____ DATA

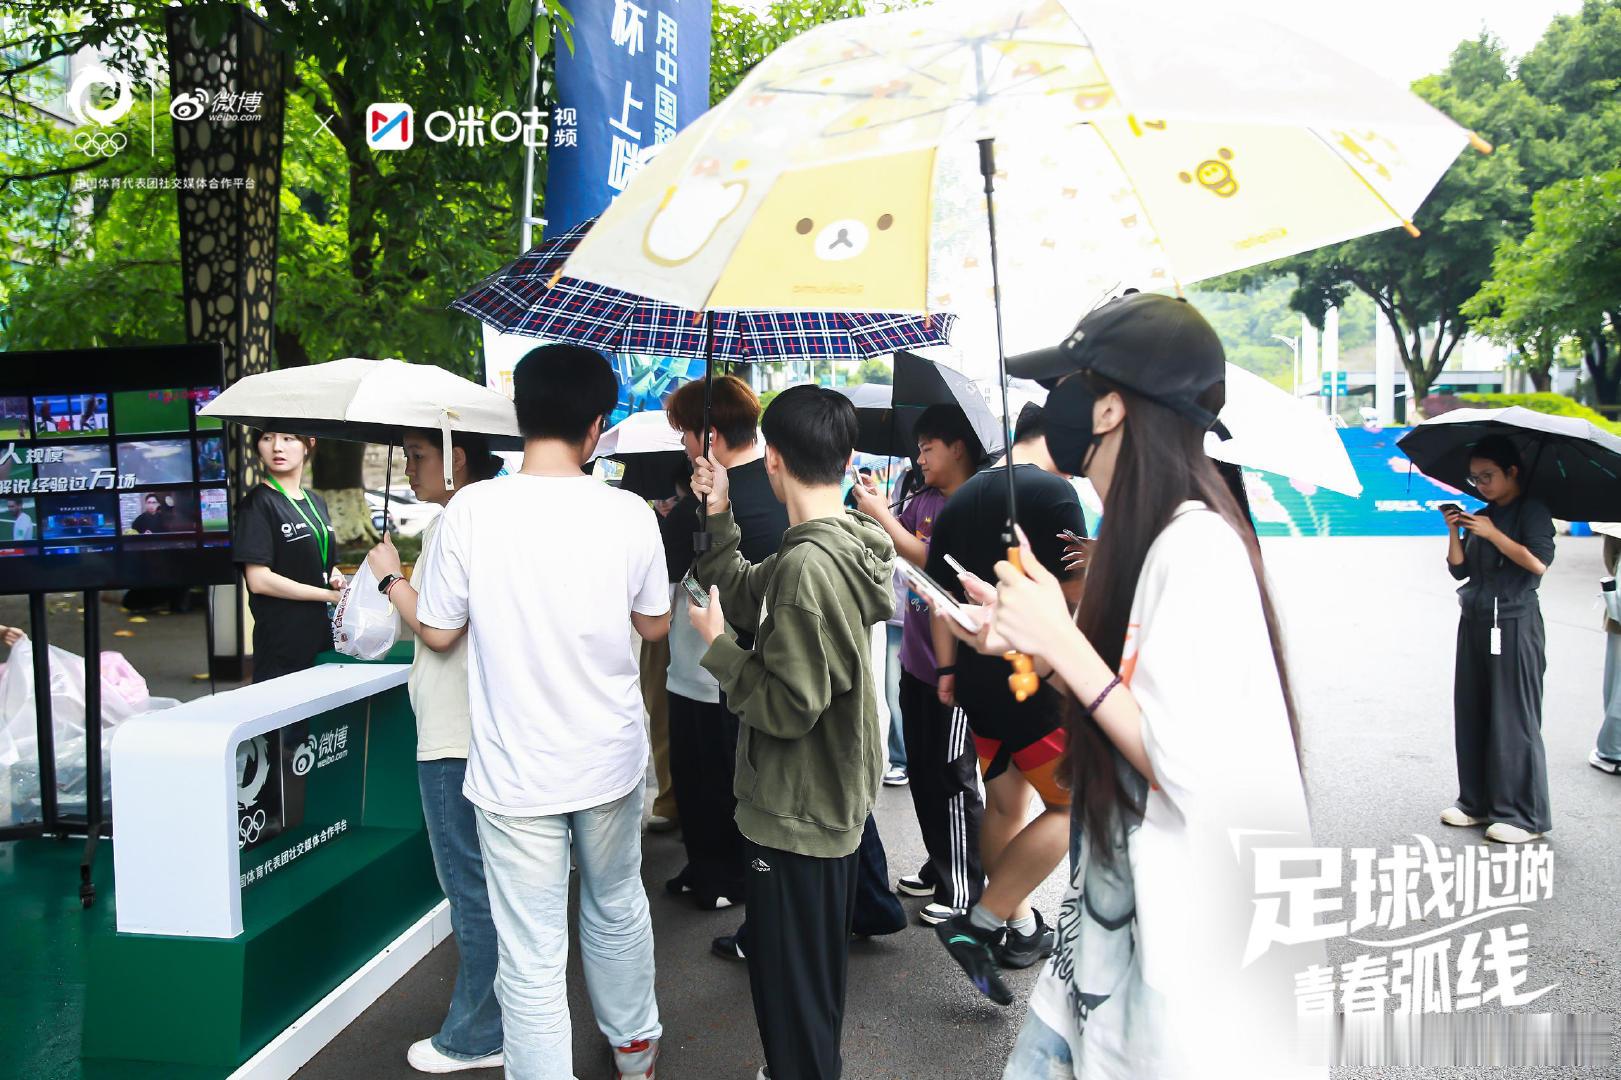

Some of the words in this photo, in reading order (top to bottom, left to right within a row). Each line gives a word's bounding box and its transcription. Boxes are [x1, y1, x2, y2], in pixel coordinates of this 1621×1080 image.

[611, 0, 648, 57] 杯
[0, 442, 65, 465] 人规模
[0, 467, 137, 495] 解说经验过万场
[319, 725, 349, 759] 微博
[316, 749, 348, 769] weibo.com
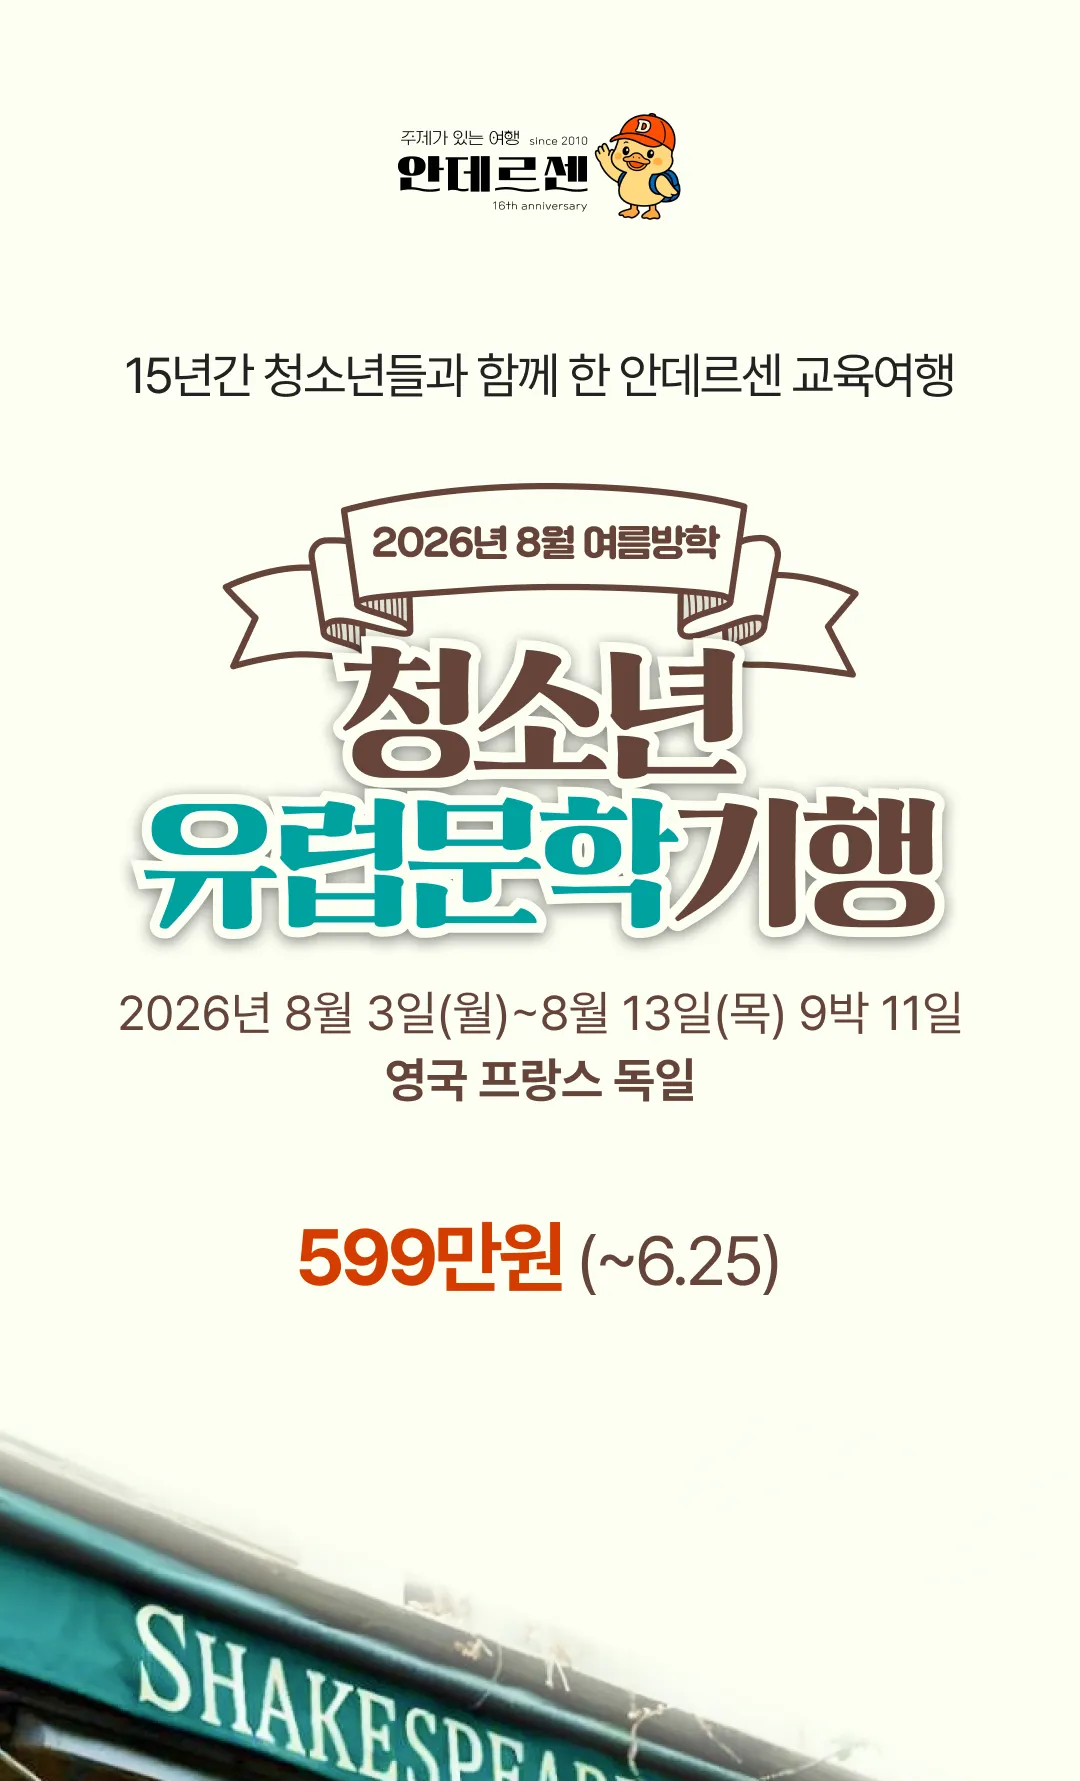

________

Would you please set down the data above again exactly, without its pictures?

Some of the words in this photo, in reading order (top to bottom, left to right within a row). Each line gives a word's bounding box and its transcription. Boxes are [x1, y1, x2, y2], in pixel coordinates of this 1621×1080 image.

[611, 0, 648, 57] 杯
[0, 442, 65, 465] 人规模
[0, 467, 137, 495] 解说经验过万场
[319, 725, 349, 759] 微博
[316, 749, 348, 769] weibo.com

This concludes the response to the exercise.